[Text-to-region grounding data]
⟨
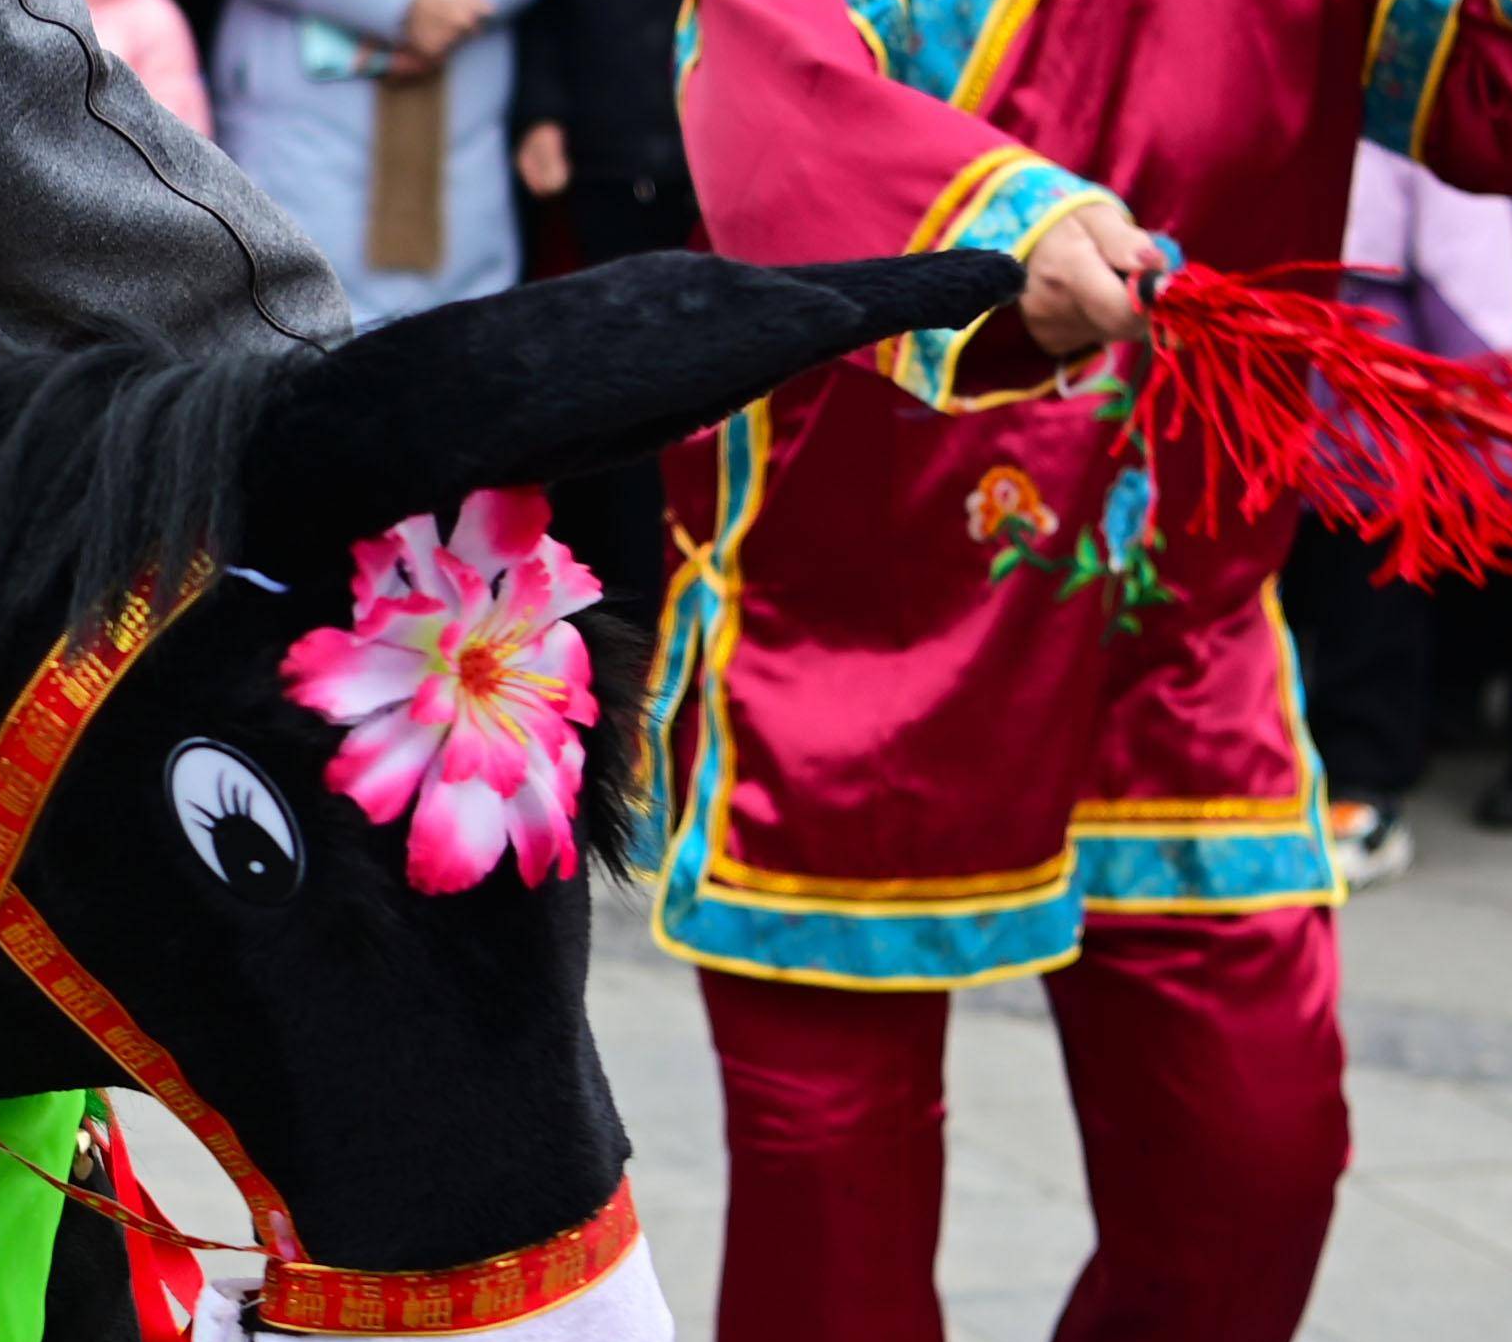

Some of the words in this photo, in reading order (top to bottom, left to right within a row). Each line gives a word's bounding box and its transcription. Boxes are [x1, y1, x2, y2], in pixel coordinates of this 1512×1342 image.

[339, 1275, 386, 1329] 福
[401, 1277, 453, 1328] 福
[470, 1259, 525, 1320] 福
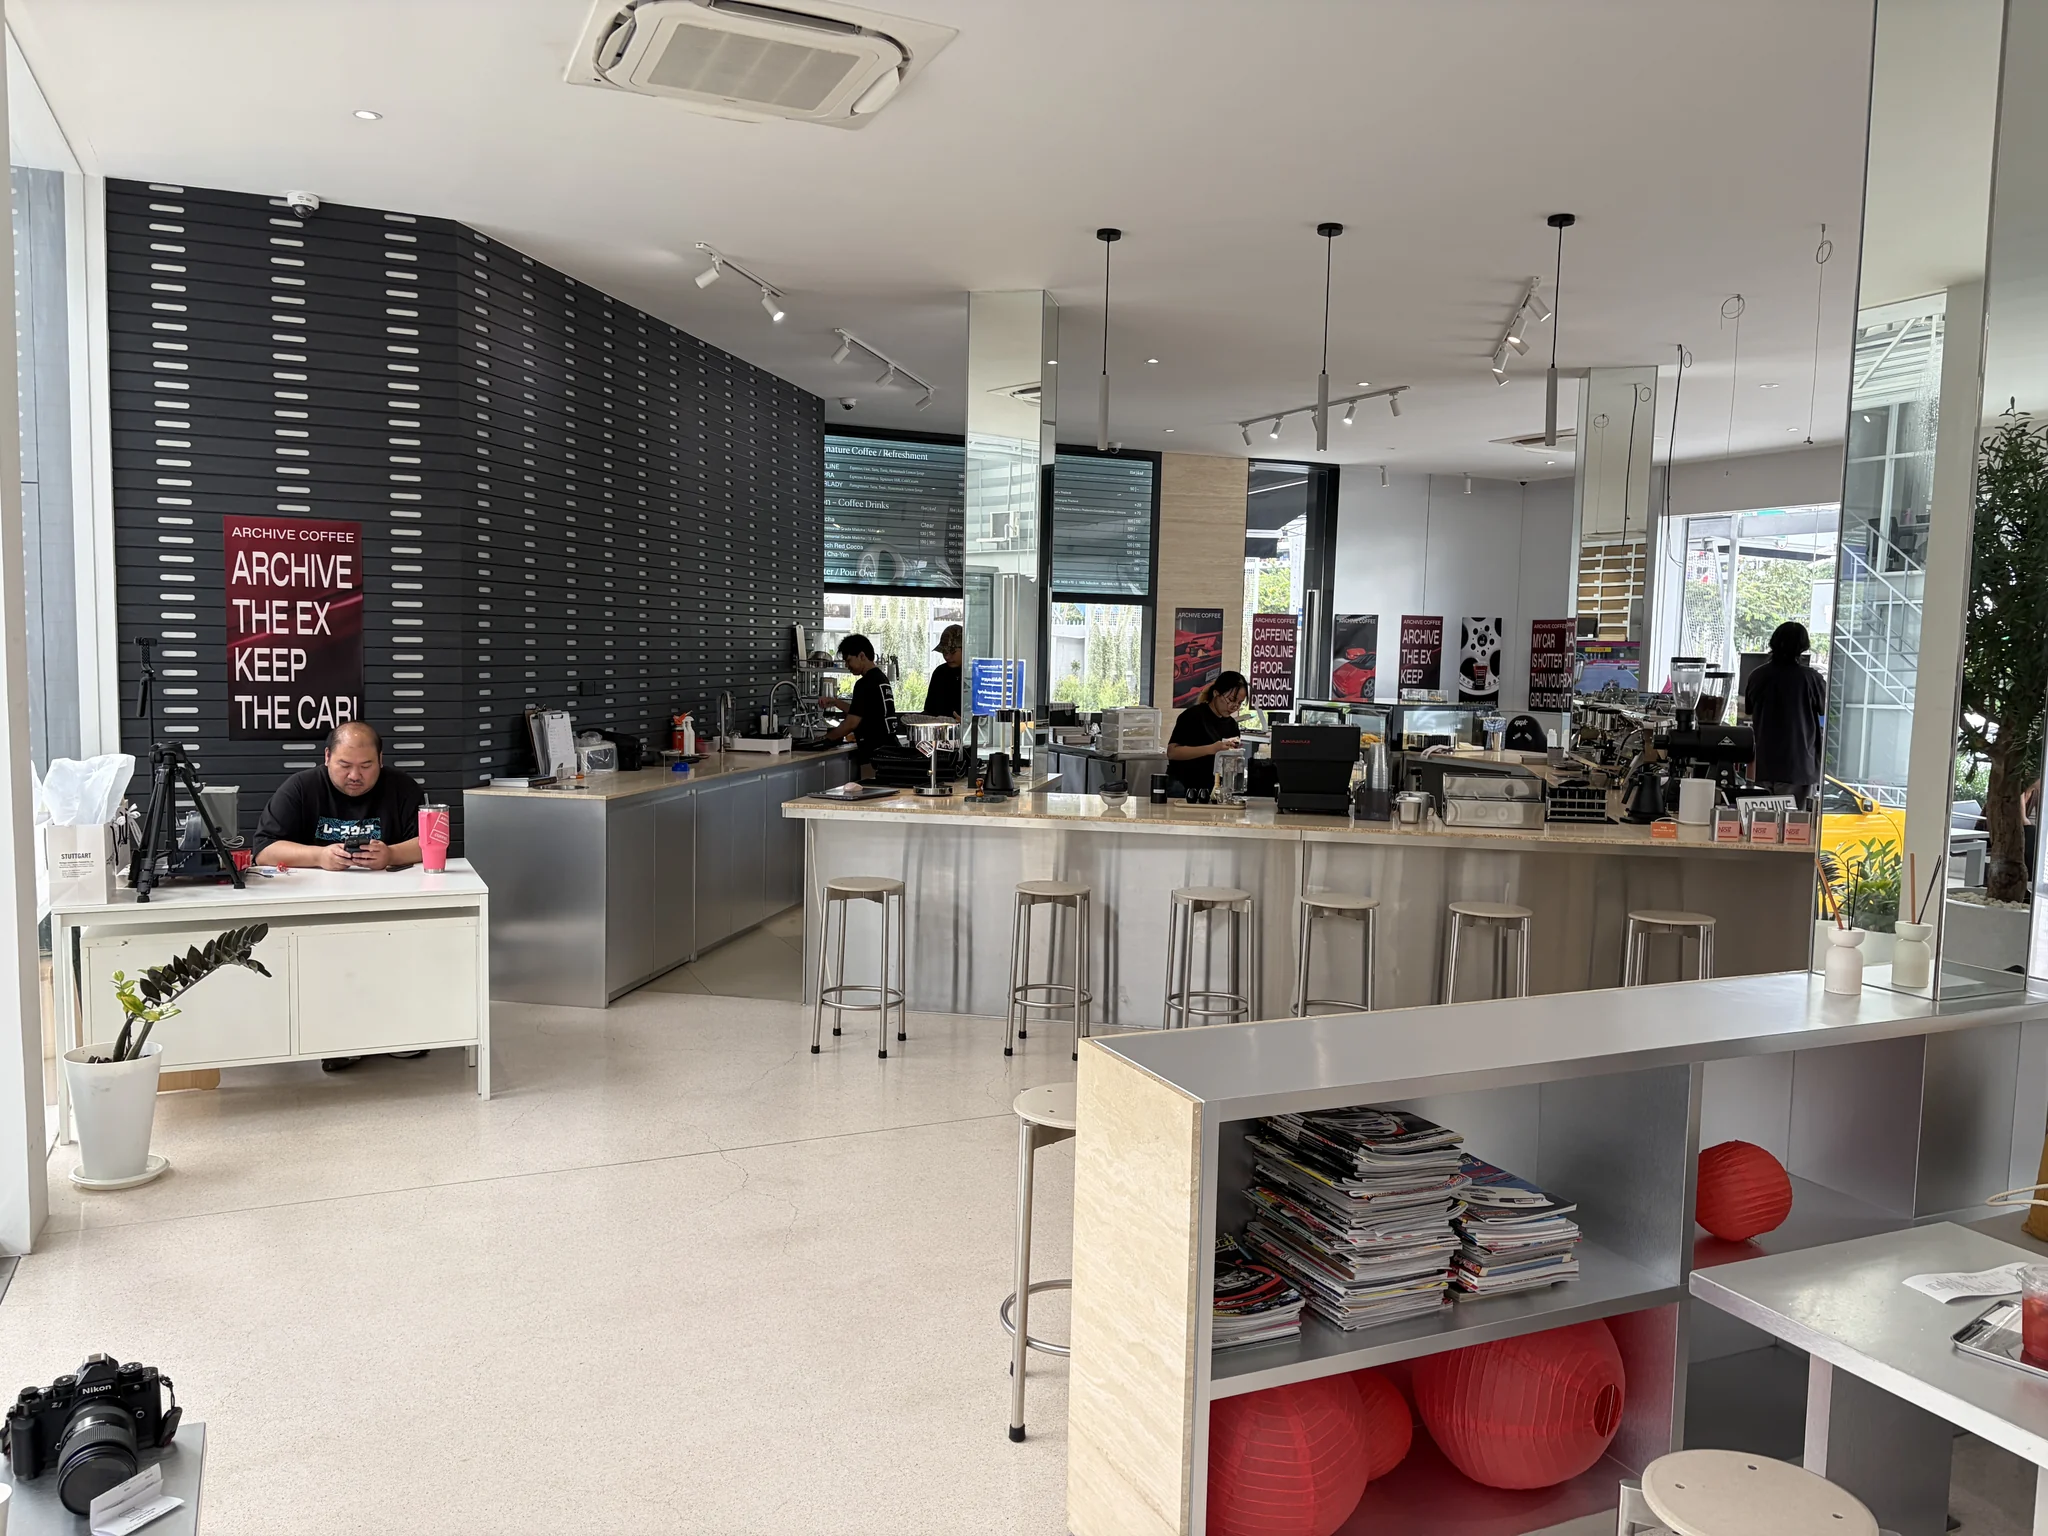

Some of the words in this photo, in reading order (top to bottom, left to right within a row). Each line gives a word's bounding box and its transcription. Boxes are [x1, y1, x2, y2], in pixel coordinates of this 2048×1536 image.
⟩
Exercise aim: Every line of the data above is to be repeated exactly; the images are to be left out.

Written reply:
Some of the words in this photo, in reading order (top to bottom, left to right within a row). Each line gives a word's bounding box and its transcription. Boxes are [x1, y1, x2, y2], in pixel coordinates of this 1512×1342 image.

[339, 1275, 386, 1329] 福
[401, 1277, 453, 1328] 福
[470, 1259, 525, 1320] 福

Some of the words in this photo, in reading order (top to bottom, left to right within a row). Each line gives a word's bounding box and its transcription. Boxes are [x1, y1, x2, y2], in pixel coordinates of this 2048×1536 image.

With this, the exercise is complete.